Supplied data:

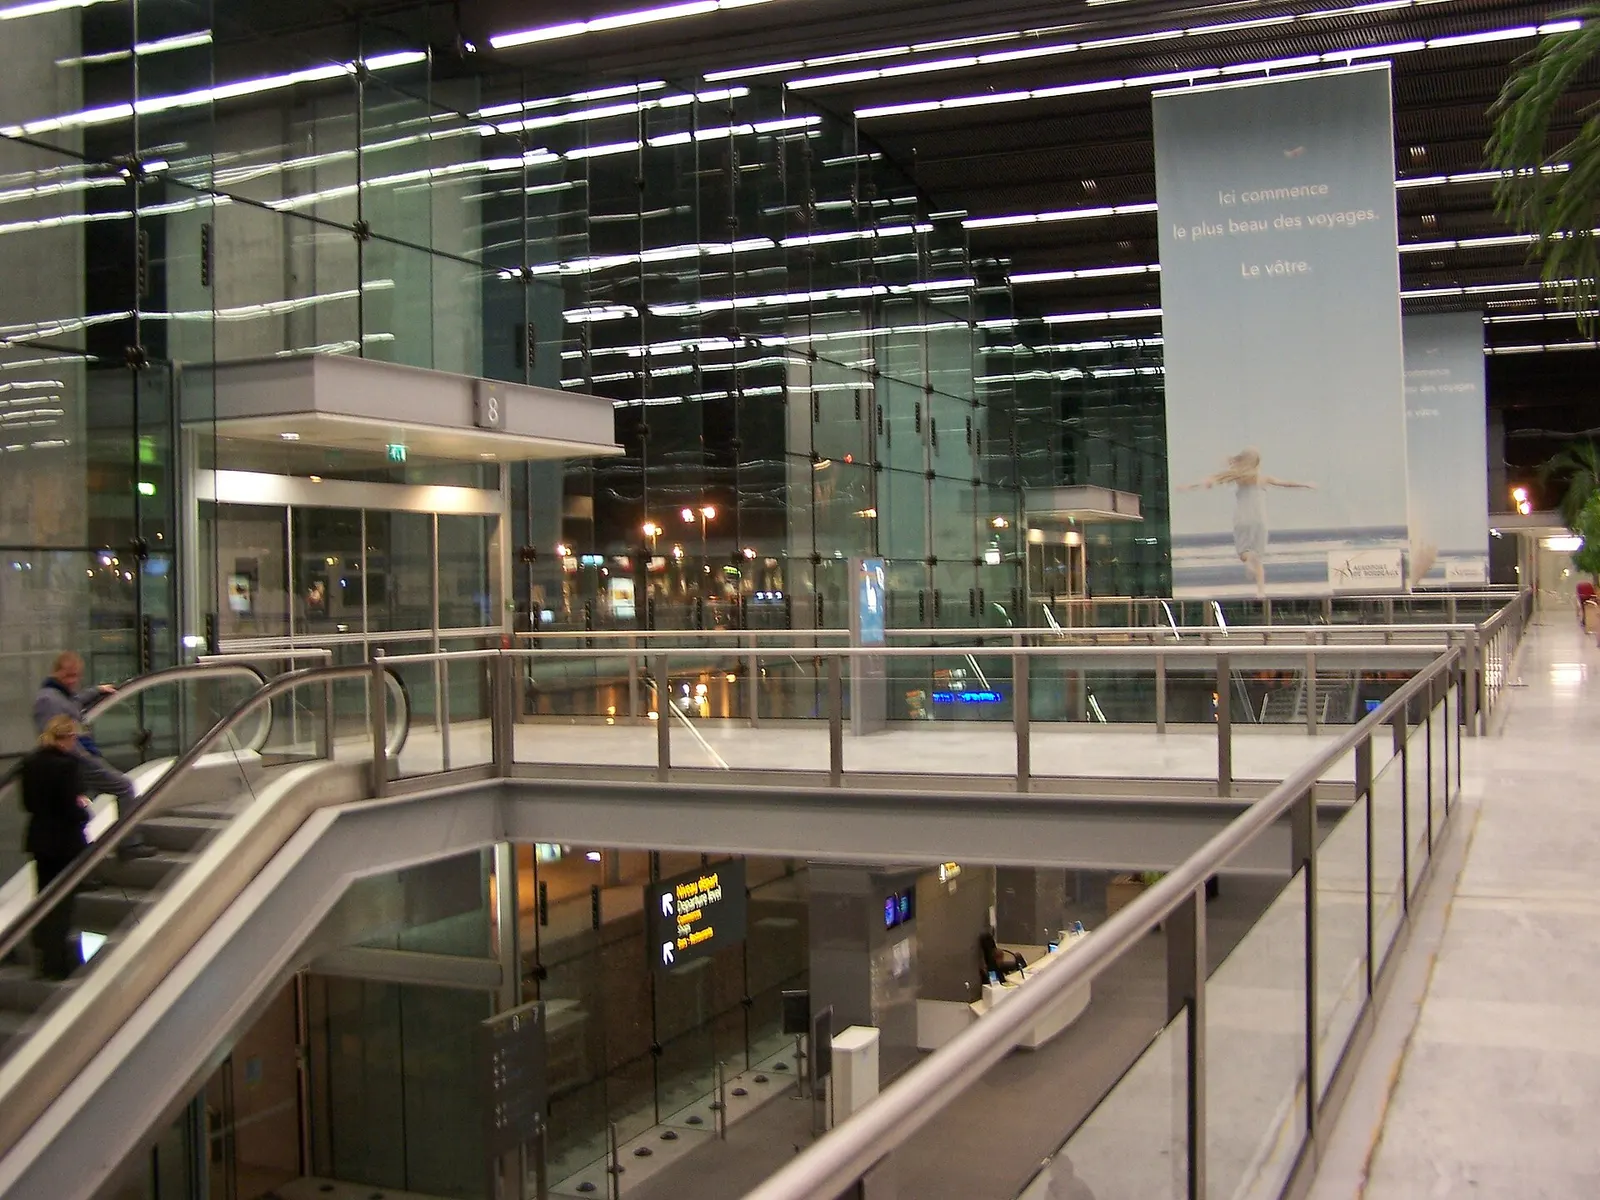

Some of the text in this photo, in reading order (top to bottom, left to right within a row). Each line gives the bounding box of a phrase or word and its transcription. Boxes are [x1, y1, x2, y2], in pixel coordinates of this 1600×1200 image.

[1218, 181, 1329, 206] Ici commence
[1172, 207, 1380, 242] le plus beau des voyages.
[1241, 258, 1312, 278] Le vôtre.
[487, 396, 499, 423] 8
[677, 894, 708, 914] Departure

Task instructions:
Output each record above exactly as it stands, excluding all pictures.

Answer to the problem:
Some of the text in this photo, in reading order (top to bottom, left to right within a row). Each line gives the bounding box of a phrase or word and its transcription. Boxes are [x1, y1, x2, y2], in pixel coordinates of this 1600×1200 image.

[1218, 181, 1329, 206] Ici commence
[1172, 207, 1380, 242] le plus beau des voyages.
[1241, 258, 1312, 278] Le vôtre.
[487, 396, 499, 423] 8
[677, 894, 708, 914] Departure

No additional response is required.